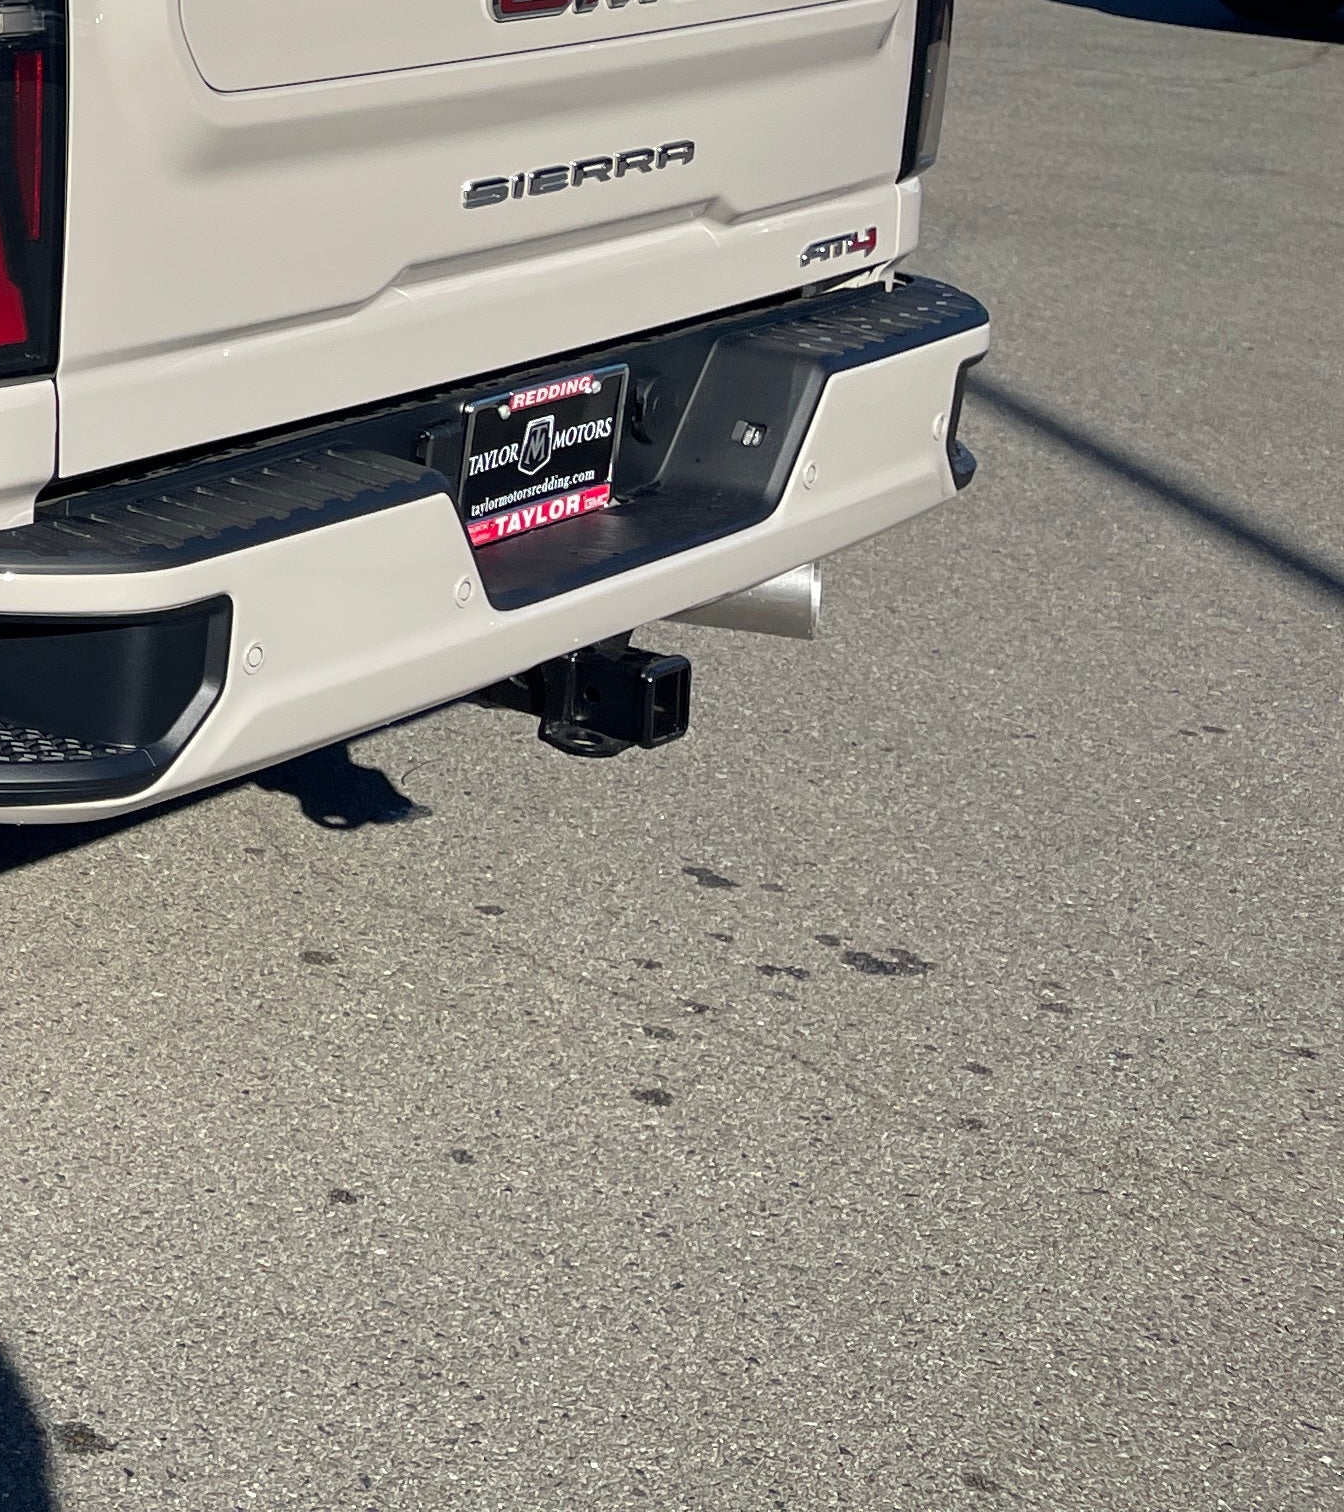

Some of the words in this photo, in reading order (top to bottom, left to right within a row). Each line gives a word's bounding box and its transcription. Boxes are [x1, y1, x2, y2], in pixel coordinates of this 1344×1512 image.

[462, 140, 696, 209] SIERRA
[799, 226, 877, 268] AT4
[512, 376, 592, 409] REDDING
[469, 443, 519, 476] TAYLOR
[553, 417, 613, 450] MOTORS
[471, 469, 595, 518] taylormotorsredding.com
[495, 494, 581, 536] TAYLOR
..............................
▸ REQUIRED ACTION
Repeat each entry above exactly, passing over any images.

▸ OUTPUT FOR THIS EXERCISE
Some of the words in this photo, in reading order (top to bottom, left to right within a row). Each line gives a word's bounding box and its transcription. Boxes are [x1, y1, x2, y2], in pixel coordinates of this 1344×1512 image.

[462, 140, 696, 209] SIERRA
[799, 226, 877, 268] AT4
[512, 376, 592, 409] REDDING
[469, 443, 519, 476] TAYLOR
[553, 417, 613, 450] MOTORS
[471, 469, 595, 518] taylormotorsredding.com
[495, 494, 581, 536] TAYLOR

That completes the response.